Vous vous êtes également référé à l’Inde. Je pense que nous avons eu tort de négliger nos relations avec ce pays pendant des décennies. L’Inde est la plus grande démocratie du monde. Elle est le pays comptant le plus grand nombre de musulmans après l’Indonésie. Elle est également une puissance politique et économique émergente et un membre non permanent du Conseil de sécurité. Compte tenu de la géographie politique de la région et de l’influence de la Turquie sur certains Etats, il est vrai que nos positions convergent avec celles de l’Inde pour ce qui est de nombreuses questions d’intérêt international.

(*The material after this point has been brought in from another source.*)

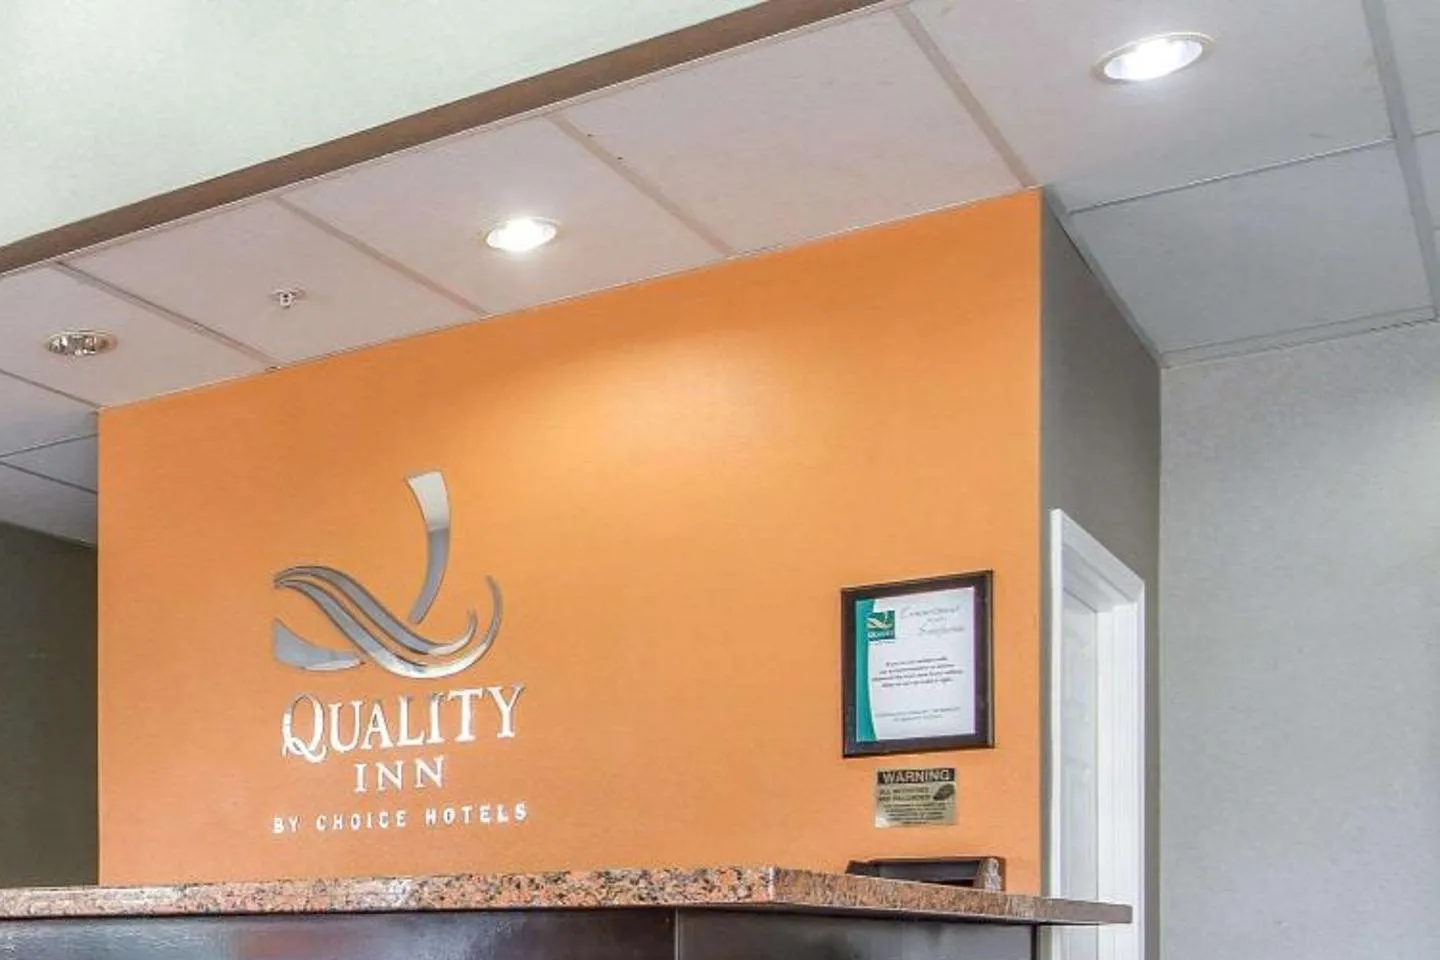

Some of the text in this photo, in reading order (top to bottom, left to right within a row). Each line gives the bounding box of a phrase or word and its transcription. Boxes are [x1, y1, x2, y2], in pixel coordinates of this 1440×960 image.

Malheureusement, la dernière rencontre des ministres des Affaires étrangères des deux pays a eu lieu en 2003. En octobre dernier, j’ai eu une réunion par visioconférence avec mon homologue indien et nous sommes convenus de nous rencontrer le plus rapidement possible et lorsque les conditions sanitaires le permettront, soit à Athènes, soit à New-Delhi. La Grèce est attachée au développement des relations avec ses alliées et partenaires traditionnels. Mais cela ne signifie pas que nous ne devons pas élargir nos horizons et rechercher de nouveaux partenaires. Nos relations avec la Russie, une grande puissance entretenant des liens traditionnels avec la Grèce, sont également importantes. Le secrétaire d’Etat russe aux Affaires étrangères, M. Grushko a effectué une visite en Grèce il y a deux jours, dans la lignée de la visite du ministre des Affaires étrangères, M. Lavrov il y a quelques mois.